Worst funeral home scams of 2008
by Emily S. Gerson
While there are countless legitimate and respectable funeral homes open for business, there are also many unscrupulous people in the funeral industry who use the vulnerability of grieving people to commit crimes. Each year, dozens of funeral home scams hit the news and shock the world. In order to help avoid becoming a victim in funeral home scams, always be sure to carefully read the funeral contract and be wary of signing up for a pre-need, which is the sale of a funeral well in advance of the death. Here are some of 2008’s most egregious funeral home scams:
5) Livonia, Michigan: The Ziomek Funeral Home was investigated in 2008 for fraud after numerous complaints to the Livonia police. The funeral home closed without warning and left all of those who had bought pre-paid funerals out in the cold (police estimate it was anywhere from 20 to 100 people). Police say the funeral home shut down without honoring the existing contracts or refunding all the customers. The funeral home had been open for 16 years before it closed suddenly. As of December 2008, some of the customers have been repaid, but many are still out tens of thousands of dollars and are now without funeral plans.
4) La Crosse, Wisconsin: Darrell Dickinson of the Dickinson Family Funeral Home pled guilty in July 2008 to two felony fraud charges. He was making fraudulent claims for assistance from the state with funeral costs for indigent people and Medicaid recipients, and collected $55,000 of the state money for 27 funerals. At the same time, he was charging the families of the deceased the full cost of the funerals — they did not know he had obtained the state funds. Dickinson did this double-dipping from 2003 to 2006, and in August 2008, he was sentenced to three days in jail, six months of electronic monitoring, and his funeral director license was revoked.
3) Hammond, Indiana: Eunice Roper-Allen of Allen Funeral Home was indicted in November 2008 on six counts of fraud. Allen was in trouble the previous year for not paying $440,000 in taxes and penalties, and it turns out she filed for bankruptcy in 1990s, possibly to avoid the tax sale of the property. In the current indictment, she’s being accused of defrauding a customer by $44,000. She allegedly gave the customer fake receipts checks to justify the funeral expenses, and used the money to buy personal items and pay her bills.
2) Osceola, Indiana: Early in 2008, a man named Robert Nelms was discovered to be conducting a trust fund scheme that defrauded Indiana residents of $27 million. Nelms was the owner and president of Memory Gardens Management Corporation, a company that owns and operates funeral homes and cemetery property. By law, private cemetery owners in Indiana must create a perpetual care fund to permanently maintain the cemetery grounds. Nelms used fraudulent securities instruments to transfer $27 million of the fund, hid the money through several transfers, and then used it to pay for several business and personal expenses, such as his million-dollar residence. Even worse, prosecutors say Nelms and his wife may have stolen more than $200 million from cemetery trust funds in Indiana, Michigan, New Jersey, and Tennessee.

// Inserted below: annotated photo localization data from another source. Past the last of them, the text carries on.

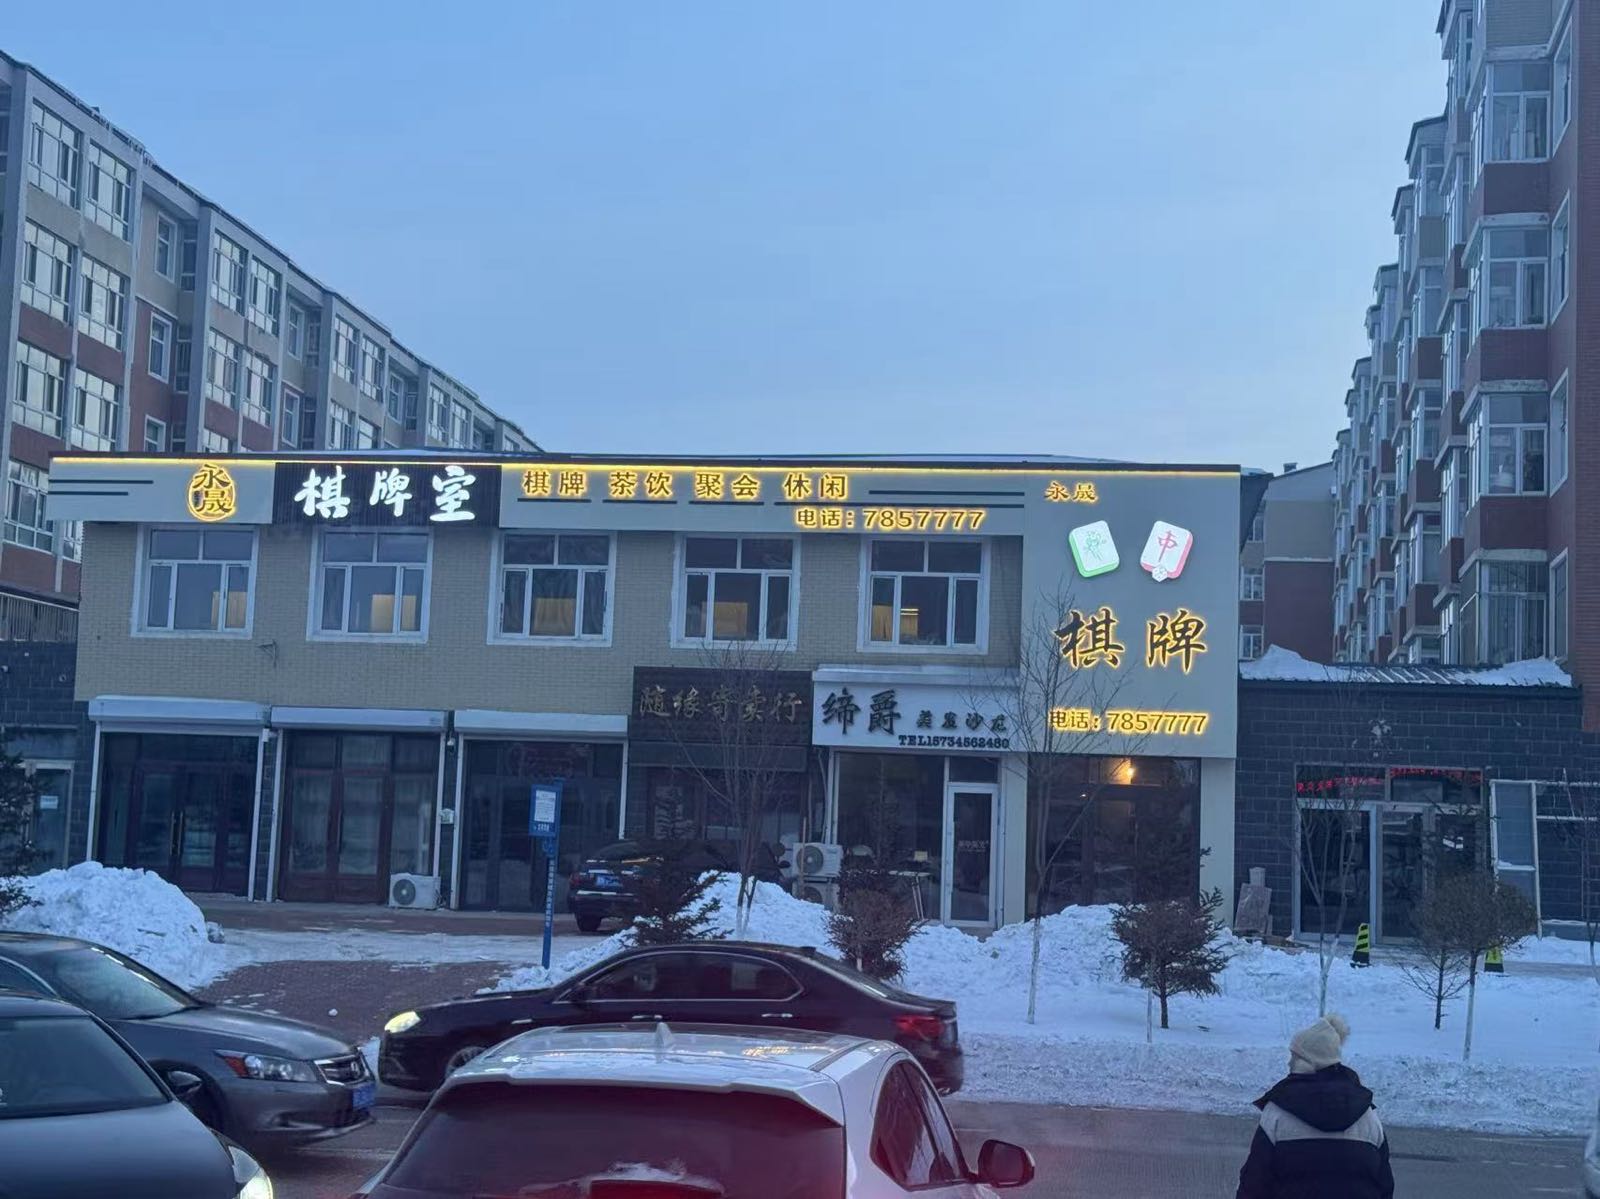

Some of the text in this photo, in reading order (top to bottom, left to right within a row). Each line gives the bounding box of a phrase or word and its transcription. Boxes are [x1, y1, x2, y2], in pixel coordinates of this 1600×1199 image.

[294, 465, 477, 522] 棋牌室
[523, 471, 846, 498] 棋牌 茶饮 聚会 休闲
[1044, 482, 1097, 500] 永晟
[1053, 608, 1207, 673] 棋牌
[821, 687, 901, 735] 缔爵
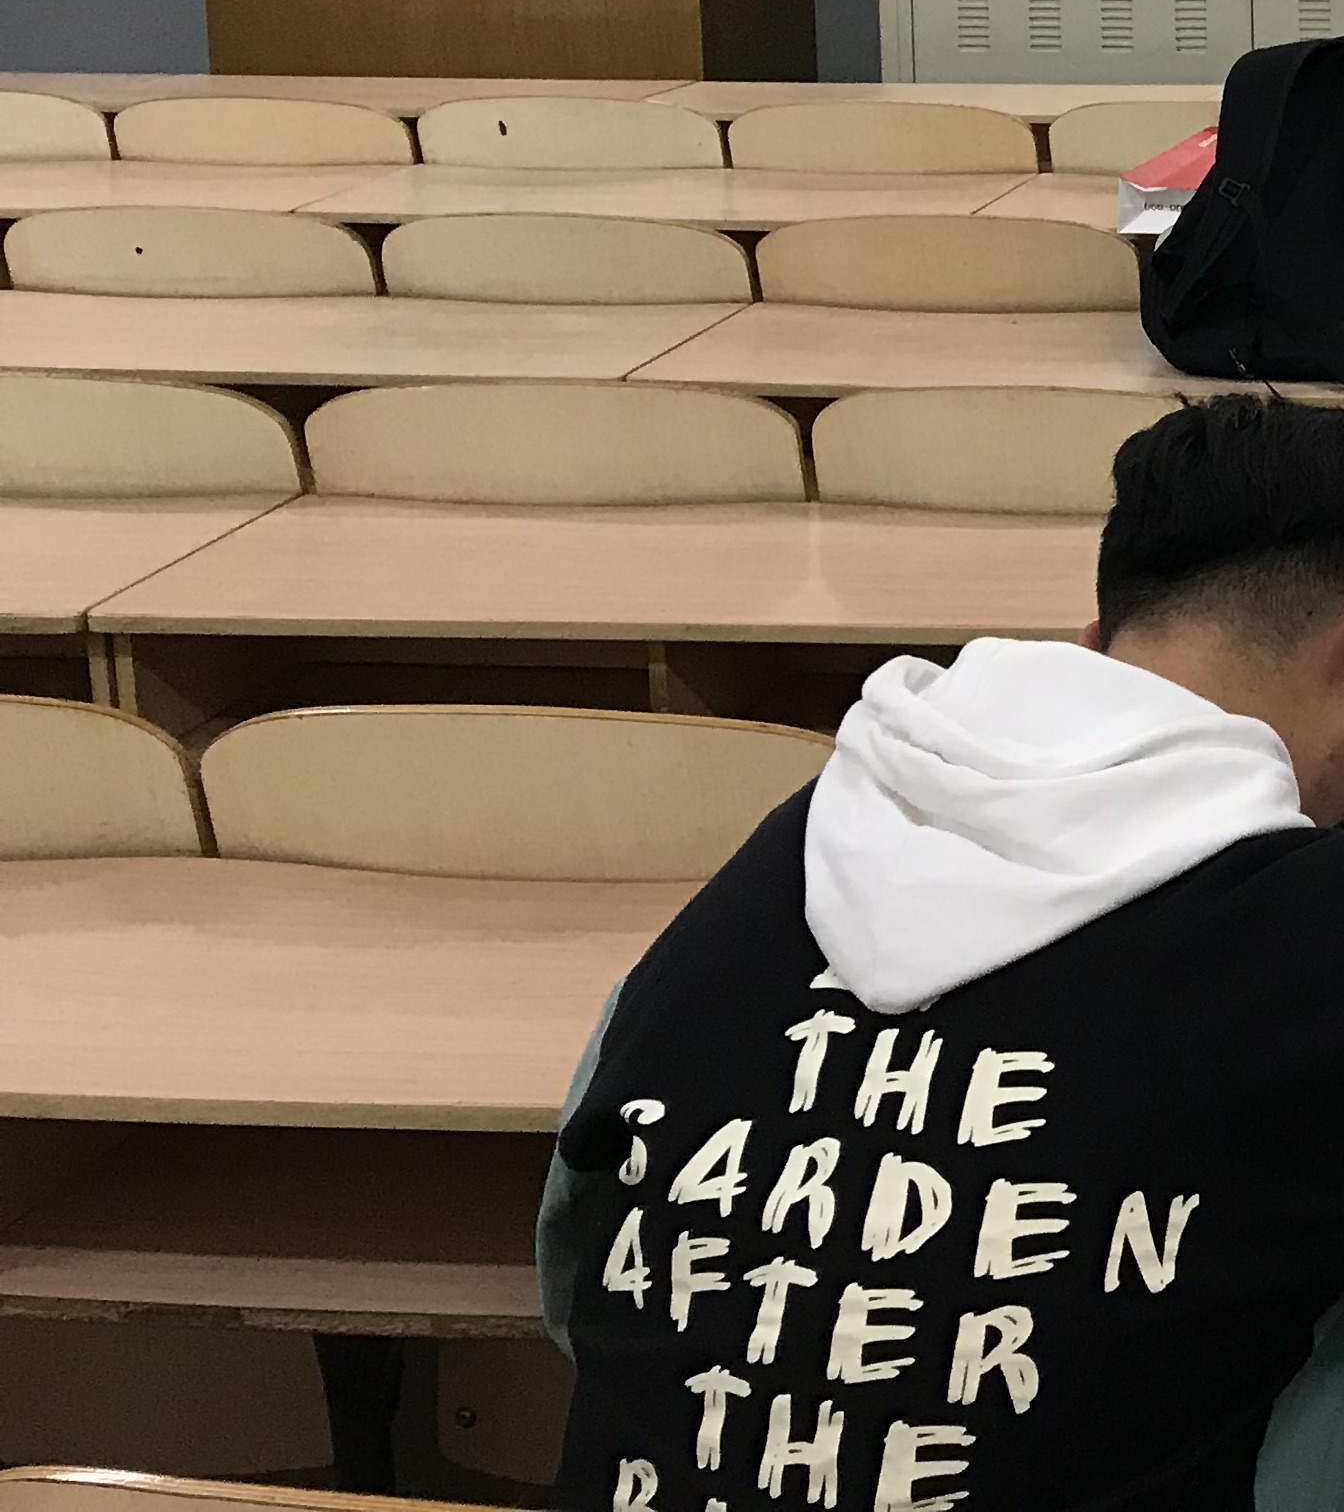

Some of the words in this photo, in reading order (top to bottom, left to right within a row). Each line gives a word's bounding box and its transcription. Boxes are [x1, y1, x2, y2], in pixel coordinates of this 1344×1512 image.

[785, 1008, 1055, 1148] THE
[602, 1207, 1041, 1415] AFTER
[684, 1364, 977, 1512] THE
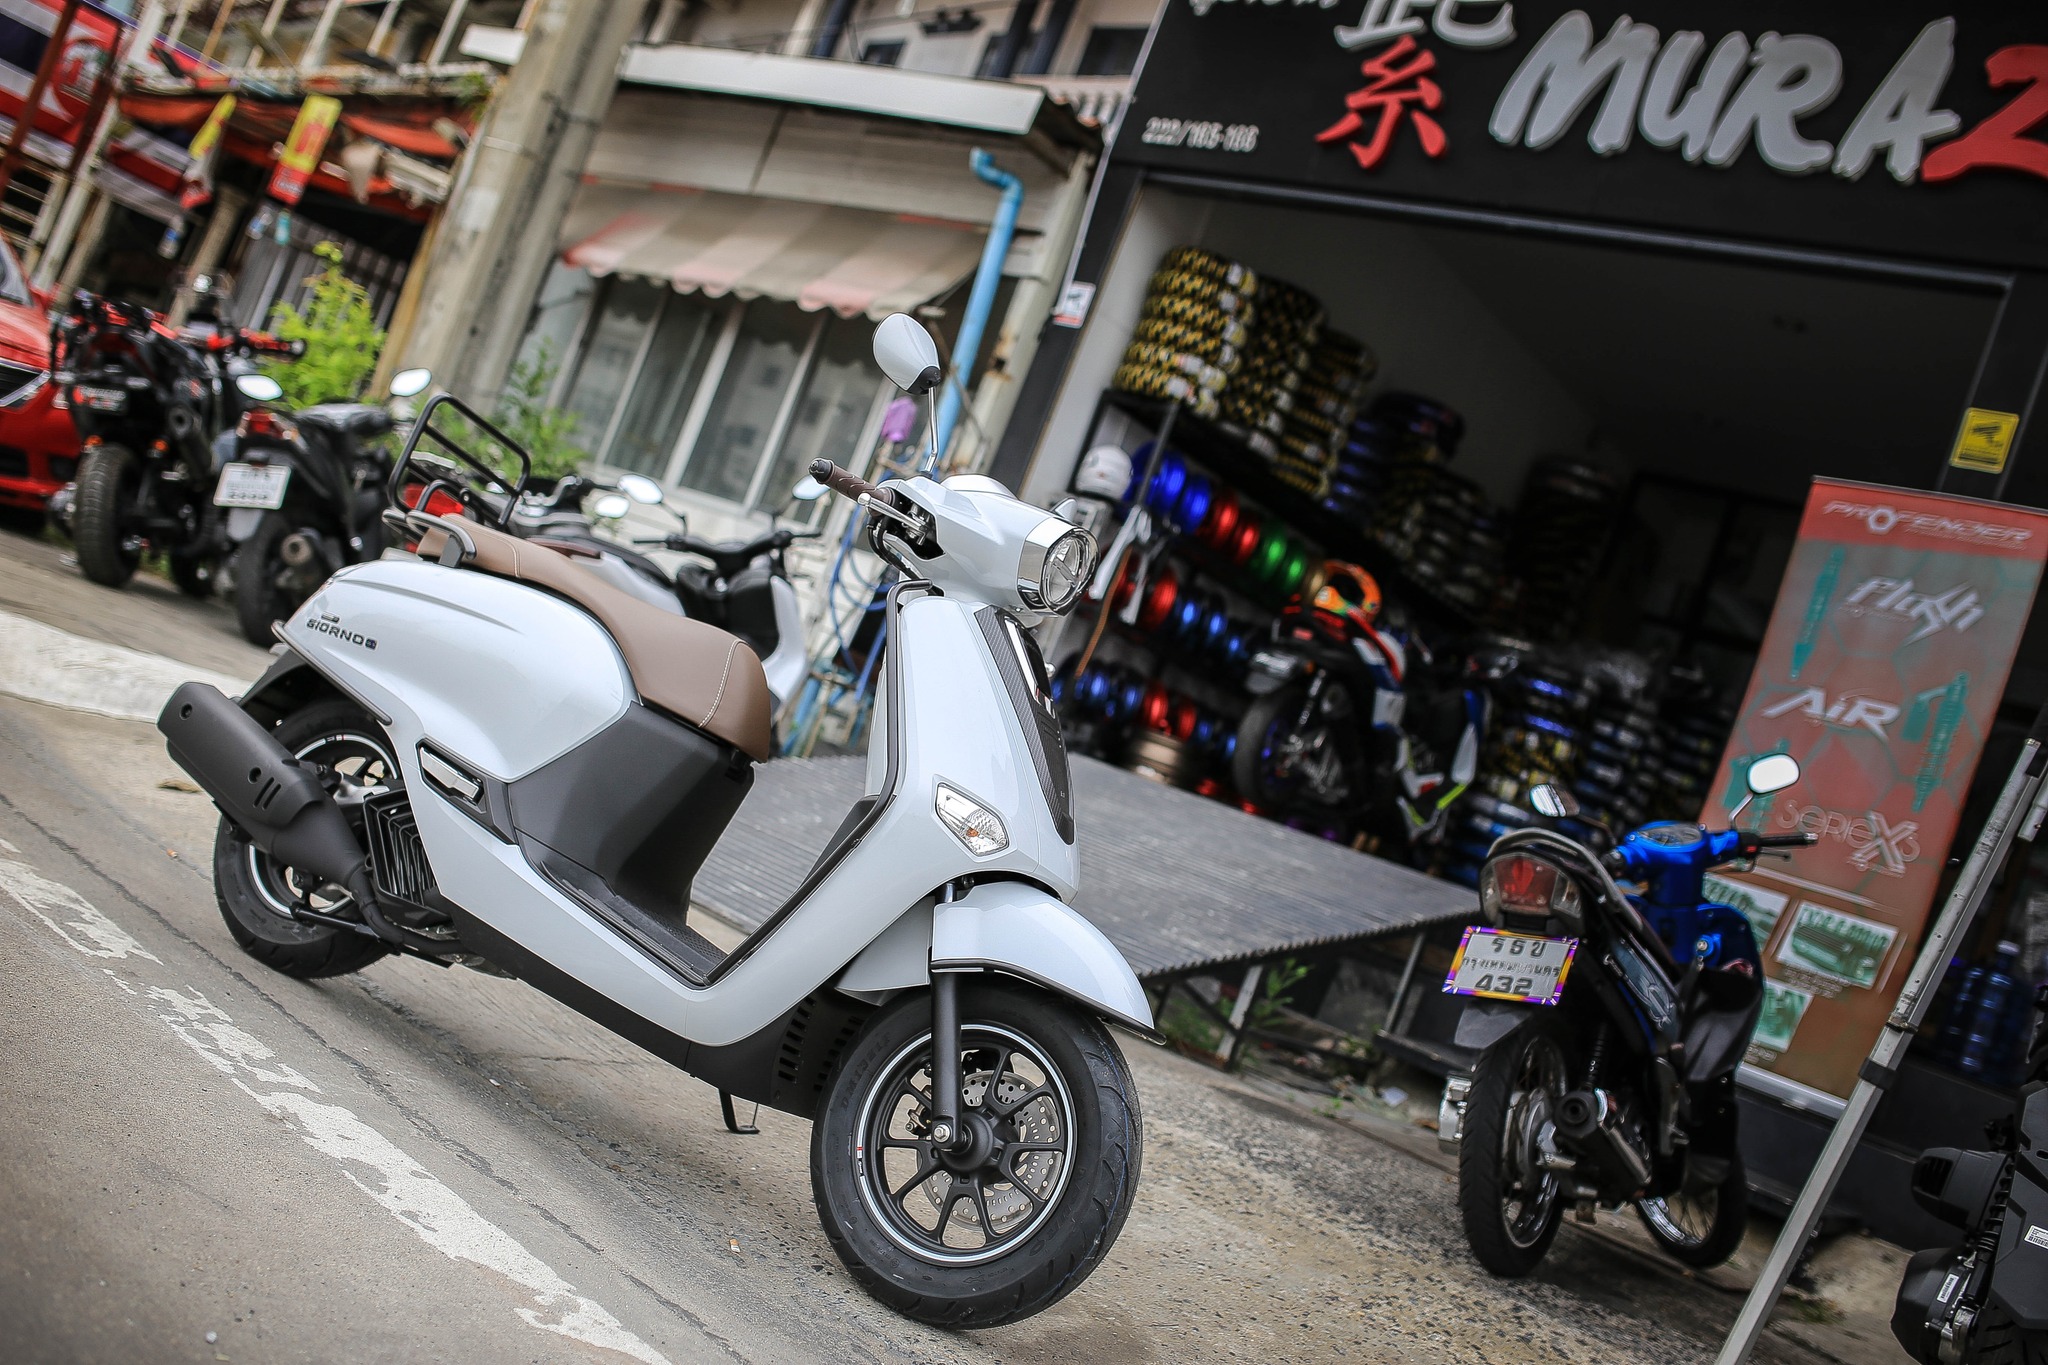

1) Philadelphia, Pennsylvania: Louis and Gerald Garzone, a pair of brothers who ran a funeral home in Philadelphia, pleaded guilty in September 2008 to selling corpses to a body parts trafficking company. The trafficking company obtained bodies from funeral homes in Pennsylvania, New York, and New Jersey, and without family permission or medical tests, dissembled the bodies. They sold the parts (some diseased) to businesses across the United States be used for knee and hip replacements, dental implants, and more. The mastermind of the trafficking ring, Michael Mastromarino, also pled guilty to his charges.